- Opening Delimiter -

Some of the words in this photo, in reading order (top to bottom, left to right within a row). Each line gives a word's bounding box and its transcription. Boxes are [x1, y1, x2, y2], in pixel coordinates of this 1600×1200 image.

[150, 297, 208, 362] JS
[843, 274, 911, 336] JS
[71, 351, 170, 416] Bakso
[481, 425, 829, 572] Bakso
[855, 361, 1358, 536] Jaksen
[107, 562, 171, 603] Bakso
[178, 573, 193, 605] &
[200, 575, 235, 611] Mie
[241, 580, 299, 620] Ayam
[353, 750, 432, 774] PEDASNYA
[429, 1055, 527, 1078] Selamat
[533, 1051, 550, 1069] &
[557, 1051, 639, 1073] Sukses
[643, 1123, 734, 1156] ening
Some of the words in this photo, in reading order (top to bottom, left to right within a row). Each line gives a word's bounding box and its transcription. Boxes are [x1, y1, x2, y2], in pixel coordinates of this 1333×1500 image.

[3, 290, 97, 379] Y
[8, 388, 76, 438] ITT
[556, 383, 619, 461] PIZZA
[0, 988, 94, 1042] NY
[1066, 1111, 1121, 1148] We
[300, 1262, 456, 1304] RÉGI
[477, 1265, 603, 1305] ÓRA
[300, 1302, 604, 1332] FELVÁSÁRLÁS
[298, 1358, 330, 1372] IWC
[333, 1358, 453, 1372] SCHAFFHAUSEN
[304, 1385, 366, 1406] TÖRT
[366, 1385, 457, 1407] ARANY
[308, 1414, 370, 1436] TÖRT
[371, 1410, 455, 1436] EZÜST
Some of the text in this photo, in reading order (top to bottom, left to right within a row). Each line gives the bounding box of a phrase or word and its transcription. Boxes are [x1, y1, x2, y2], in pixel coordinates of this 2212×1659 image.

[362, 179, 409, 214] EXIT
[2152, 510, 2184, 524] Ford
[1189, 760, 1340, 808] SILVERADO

- Closing Delimiter -

### Assignment
Reproduce the material exactly. Every line must match.

### Response
Some of the words in this photo, in reading order (top to bottom, left to right within a row). Each line gives a word's bounding box and its transcription. Boxes are [x1, y1, x2, y2], in pixel coordinates of this 1600×1200 image.

[150, 297, 208, 362] JS
[843, 274, 911, 336] JS
[71, 351, 170, 416] Bakso
[481, 425, 829, 572] Bakso
[855, 361, 1358, 536] Jaksen
[107, 562, 171, 603] Bakso
[178, 573, 193, 605] &
[200, 575, 235, 611] Mie
[241, 580, 299, 620] Ayam
[353, 750, 432, 774] PEDASNYA
[429, 1055, 527, 1078] Selamat
[533, 1051, 550, 1069] &
[557, 1051, 639, 1073] Sukses
[643, 1123, 734, 1156] ening
Some of the words in this photo, in reading order (top to bottom, left to right within a row). Each line gives a word's bounding box and its transcription. Boxes are [x1, y1, x2, y2], in pixel coordinates of this 1333×1500 image.

[3, 290, 97, 379] Y
[8, 388, 76, 438] ITT
[556, 383, 619, 461] PIZZA
[0, 988, 94, 1042] NY
[1066, 1111, 1121, 1148] We
[300, 1262, 456, 1304] RÉGI
[477, 1265, 603, 1305] ÓRA
[300, 1302, 604, 1332] FELVÁSÁRLÁS
[298, 1358, 330, 1372] IWC
[333, 1358, 453, 1372] SCHAFFHAUSEN
[304, 1385, 366, 1406] TÖRT
[366, 1385, 457, 1407] ARANY
[308, 1414, 370, 1436] TÖRT
[371, 1410, 455, 1436] EZÜST
Some of the text in this photo, in reading order (top to bottom, left to right within a row). Each line gives the bounding box of a phrase or word and its transcription. Boxes are [x1, y1, x2, y2], in pixel coordinates of this 2212×1659 image.

[362, 179, 409, 214] EXIT
[2152, 510, 2184, 524] Ford
[1189, 760, 1340, 808] SILVERADO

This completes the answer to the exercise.